When my colleagues and I went on strike on May 2, 2007 in Richmond Heights, Ohio, I realized that the closest I’d ever come to picketing was during the Vietnam War when my older brother wrapped a black arm band around my bicep and made me march for two hours with him and a hundred other college students. Nevertheless, when my union announced the strike, I arrived the next day at 5:30 a.m. at Strike Headquarters, ready to do my part.
Why? Because crossing the line was not an option and we teachers needed to stand-up to our superintendent for eliminating our right to advance notification of teaching assignments and the right of the non-tenured to file a grievance. Negotiations had dragged on for ten months, so my union followed through with our threat to strike and on May 2nd we began picketing at school entrances. We heard that the superintendent had already received authorization from the school board to hire replacement personnel and uniformed security. A week later, before our vote to strike even took place, my union building representative requested that several of us come to school Sunday morning to verify the rumor. We arrived to a parking lot full of cars, which signaled that people were inside interviewing for our jobs.
Two weeks into the strike our union negotiation team met with the superintendent, his lawyer and two board members at the office of a federal mediator while we sat on lawn chairs outside. Certain the strike would end, I prepared lesson plans for my post-strike return. Through text messages over the next eight hours, a member of the negotiation team updated us on the meeting’s lack of progress until a final, frantic message at 6:10 PM requested we block the exit doors to prevent either team from leaving. We linked arms, forming a human wall outside both exits of the office building, until the federal mediator called the police, who forced us to break our chain and leave the premises.

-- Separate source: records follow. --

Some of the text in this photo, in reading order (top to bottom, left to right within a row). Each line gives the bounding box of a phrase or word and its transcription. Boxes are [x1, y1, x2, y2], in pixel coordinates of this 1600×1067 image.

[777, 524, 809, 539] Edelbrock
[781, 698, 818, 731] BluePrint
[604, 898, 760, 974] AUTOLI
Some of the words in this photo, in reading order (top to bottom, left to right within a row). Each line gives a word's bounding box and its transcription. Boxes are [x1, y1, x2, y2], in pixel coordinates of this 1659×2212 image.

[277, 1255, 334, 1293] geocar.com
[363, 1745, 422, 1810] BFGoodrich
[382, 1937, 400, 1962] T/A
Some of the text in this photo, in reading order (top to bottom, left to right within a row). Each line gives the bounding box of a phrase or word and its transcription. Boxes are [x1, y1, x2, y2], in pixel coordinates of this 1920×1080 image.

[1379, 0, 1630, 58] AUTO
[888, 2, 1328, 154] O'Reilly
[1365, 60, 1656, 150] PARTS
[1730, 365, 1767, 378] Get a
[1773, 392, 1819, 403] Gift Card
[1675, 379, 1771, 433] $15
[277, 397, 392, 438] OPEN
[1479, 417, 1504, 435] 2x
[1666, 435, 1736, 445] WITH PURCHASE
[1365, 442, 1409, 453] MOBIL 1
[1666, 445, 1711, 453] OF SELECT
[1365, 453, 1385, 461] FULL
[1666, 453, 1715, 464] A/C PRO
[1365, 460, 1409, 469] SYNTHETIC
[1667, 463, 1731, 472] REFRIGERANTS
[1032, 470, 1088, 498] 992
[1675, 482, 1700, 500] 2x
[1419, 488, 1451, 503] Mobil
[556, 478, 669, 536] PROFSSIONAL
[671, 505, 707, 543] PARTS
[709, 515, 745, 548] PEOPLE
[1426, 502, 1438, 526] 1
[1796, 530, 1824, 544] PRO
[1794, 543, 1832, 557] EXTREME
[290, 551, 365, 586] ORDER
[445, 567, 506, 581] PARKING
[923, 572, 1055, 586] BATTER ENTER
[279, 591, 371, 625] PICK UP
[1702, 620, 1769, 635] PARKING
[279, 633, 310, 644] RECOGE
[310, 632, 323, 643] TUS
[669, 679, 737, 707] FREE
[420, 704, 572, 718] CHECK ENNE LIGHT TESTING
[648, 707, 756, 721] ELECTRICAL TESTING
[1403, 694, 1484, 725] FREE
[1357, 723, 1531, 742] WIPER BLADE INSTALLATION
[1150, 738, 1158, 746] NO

A week later, after I nearly received a $150 ticket for public disturbance (I was carrying my picket sign across an intersection) and a colleague was arrested for crossing the school driveway with his picket sign on his way to use the bathroom at the nearby City Hall (he didn’t know the police had decided to arrest anyone crossing the entrance), I decided I’d had enough.
I phoned Duane, a board member I knew personally, and explained that I was calling on my own to see if we could meet. Later that evening, as we sat at his kitchen table and sipped Pepsis, we lamented over the length of the strike, the replacement teachers in the school, and the lack of progress with negotiations. He mentioned his son, whom I had taught years ago, and we reminisced about high school basketball games. Our common ground reminded both of us of how we—and not the superintendent—were connected personally to the school and the community.
From his briefcase, Duane produced a copy of our original contract, a copy of the superintendent’s proposals, and administrative teacher-evaluation forms. “Let’s see if we can make sense of this,” he said, looking at the collection papers on his table.
Duane asked what objections the union had to the superintendent’s contract, and the difficult conversation I was expecting to have collapsed. Duane’s tone was curious and low key, not demanding or aggressive; it was as if we were discussing the best pitcher in the major leagues. He listened and scribbled notes on the superintendent’s proposed contract - once writing “NO” next to the clause “eliminate any non-tenured teachers’ right to file a grievance.”
By 10:45 we had discussed each item in question on the master contract and the superintendent’s proposals. Duane promised to speak with the two other board members who were not part of the superintendent’s negotiation team.
A weekend passed and on Monday, Duane and the other board members showed up on the picket line to inform us that the superintendent agreed to delete his proposals and bring us back into our classrooms. On May 28th our union leaders signed that new contract.
Nine months of negotiations, three weeks of picketing, and one arrest did not achieve what Duane and I settled in one evening at a kitchen table.
My lesson? When a superintendent refuses to compromise, teachers need to reject all the strategies we are told make a strike successful. Instead we need to get personal with board members, who have power over a superintendent, and talk to them like neighbors, face to face, instead of using words on a picket sign or yelling at passing cars.